Connected characters

  • Phil

    Phil is the cold, calculating strategist whose cover-up plan Richard falls in line with. Richard, like most of the gang, defers to Phil's authority, illustrating how Phil's dominance suppresses individual moral agency.

  • Leah

    Leah serves as the gang's conscience, voicing the guilt and anxiety that Richard and others suppress. Her monologues implicitly challenge the silent complicity that characters like Richard embody.

  • Adam

    Adam is the victim whose apparent death sets the entire plot in motion.

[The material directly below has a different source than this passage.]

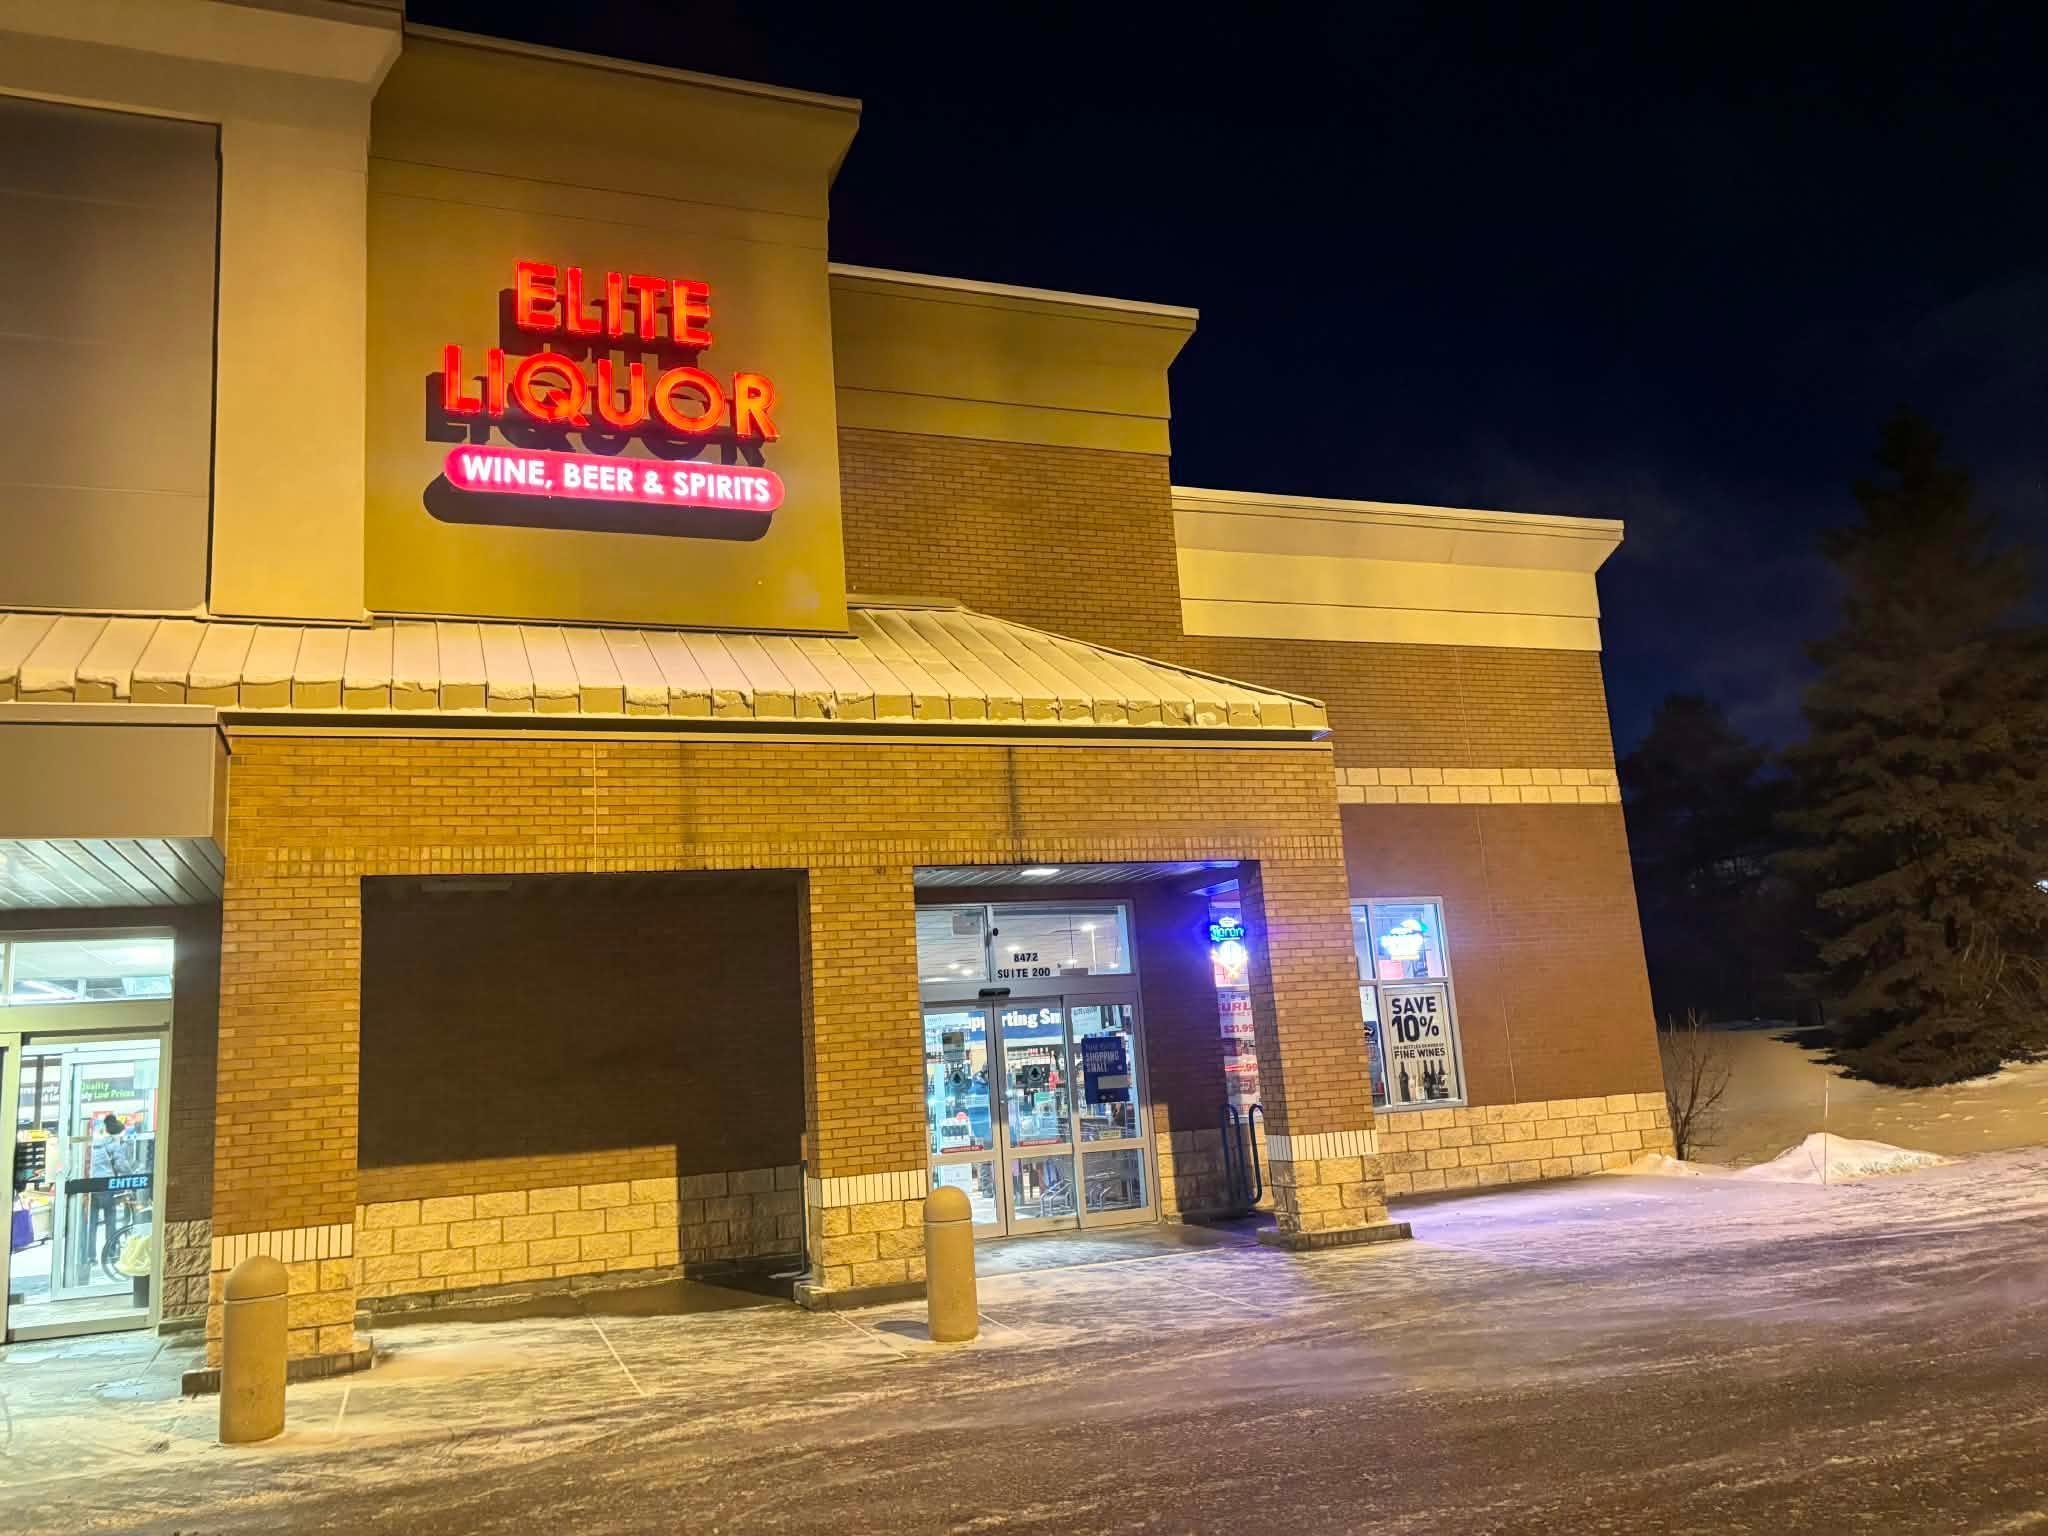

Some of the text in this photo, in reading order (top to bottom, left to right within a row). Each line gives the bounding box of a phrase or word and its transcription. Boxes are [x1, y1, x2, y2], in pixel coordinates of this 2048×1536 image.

Richard's complicity in the cover-up makes him morally implicated in Adam's fate, even if he is not the instigator of the original harm.

  • Cathy

    Cathy's escalating ruthlessness within the gang contrasts with Richard's more passive complicity, highlighting the spectrum of moral failure among the group's members.

  • Brian

    Brian's visible psychological collapse under the weight of guilt stands in contrast to Richard's more subdued response, together illustrating the varied human costs of collective wrongdoing.

  • Jan

    Jan, often paired with Mark as a rumour-spreading duo, shares Richard's role as a background gang member, and together they represent the broader culture of peer conformity that enables the group's moral failures.

  • Mark

    Mark and Richard occupy similar positions in the gang's social order—neither leaders nor outright dissenters—reinforcing the play's depiction of how ordinary group members sustain harmful dynamics through inaction.

  • Danny

    Danny's anxious, self-interested participation in the cover-up echoes Richard's own complicity, and the two together embody the gang members who prioritise self-preservation over moral responsibility.

  • Lou

    Lou, like Richard, functions as part of the gang's silent majority, and their shared passivity underscores Kelly's point that collective harm is sustained as much by those who say nothing as by those who act.

Use this in your essay

  • Ordinary complicity as Kelly's central argument: To what extent does Richard, precisely because he has no dramatic arc, represent Kelly's most important statement about how collective harm is sustained by ordinary people rather than exceptional villains?

  • The function of silence: How does Kelly use characters without dominant voices—Richard, Lou, Jan—to argue that inaction and silence are active forms of moral failure?

  • Richard versus Brian: Compare Kelly's presentation of Richard and Brian to explore the different psychological costs of complicity, and what those differing responses suggest about guilt, conscience, and self-preservation.

  • Social hierarchy and moral agency: Analyse how the gang's internal hierarchy—with Phil at its apex—erodes the individual moral agency of mid-ranking members like Richard, and whether Kelly presents them as victims of that structure or as responsible for maintaining it.

  • Normalisation of wrongdoing: How does Richard's unchanged presence at the play's conclusion contribute to Kelly's bleak vision of moral compromise becoming normalised within adolescent social groups?